- DESCRIPTION OF THE TASK -
Without the pictures, set down every record below exactly as it reads.
BEGIN EXTRACTED MATERIAL
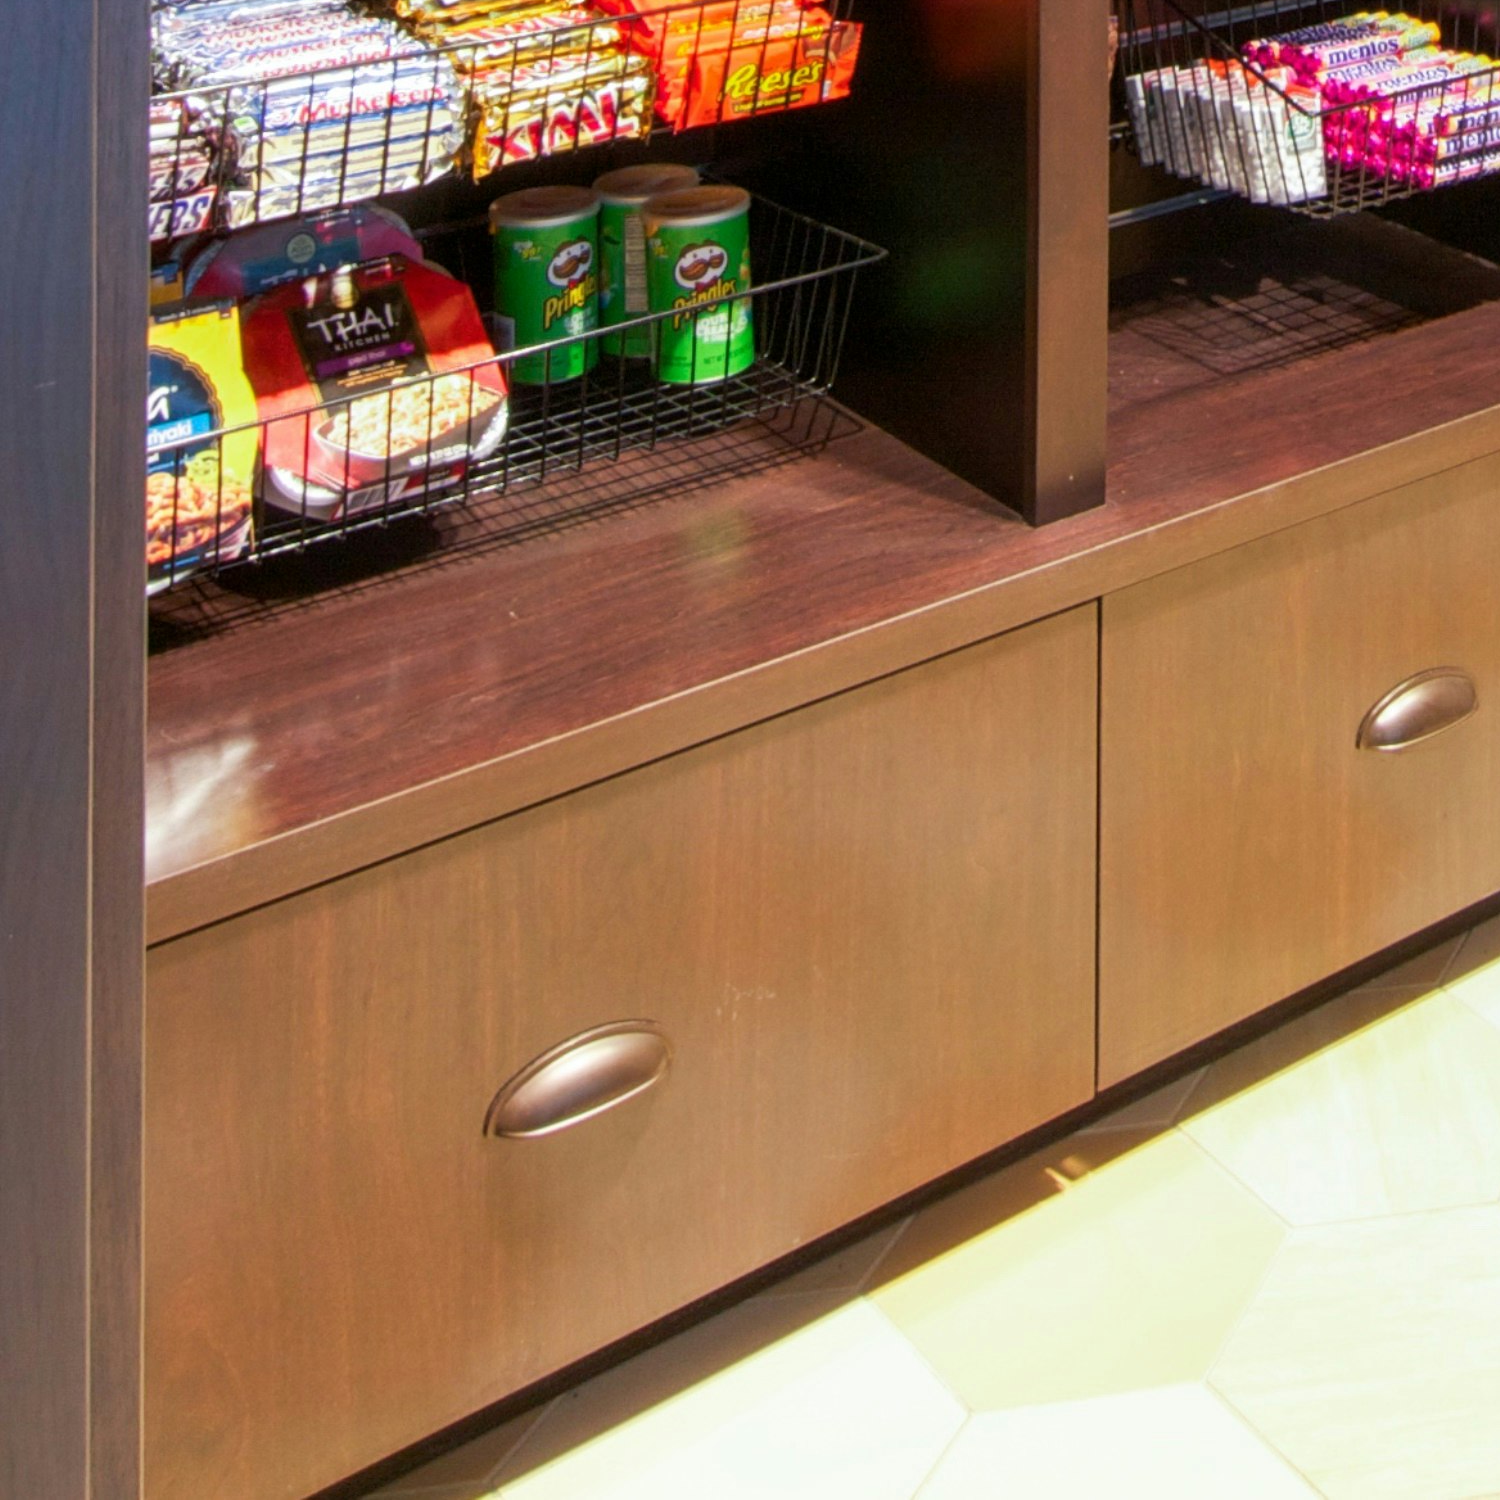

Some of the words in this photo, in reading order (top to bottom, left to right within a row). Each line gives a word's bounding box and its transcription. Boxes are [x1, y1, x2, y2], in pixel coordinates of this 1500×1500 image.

[1328, 37, 1400, 66] mentos
[722, 61, 824, 100] Reese's
[307, 303, 396, 343] THAI
[334, 333, 391, 352] KITCHEN
END EXTRACTED MATERIAL
- OUTPUT OF THE EXERCISE -
Some of the words in this photo, in reading order (top to bottom, left to right within a row). Each line gives a word's bounding box and its transcription. Boxes are [x1, y1, x2, y2], in pixel coordinates of this 1500×1500 image.

[1328, 37, 1400, 66] mentos
[722, 61, 824, 100] Reese's
[307, 303, 396, 343] THAI
[334, 333, 391, 352] KITCHEN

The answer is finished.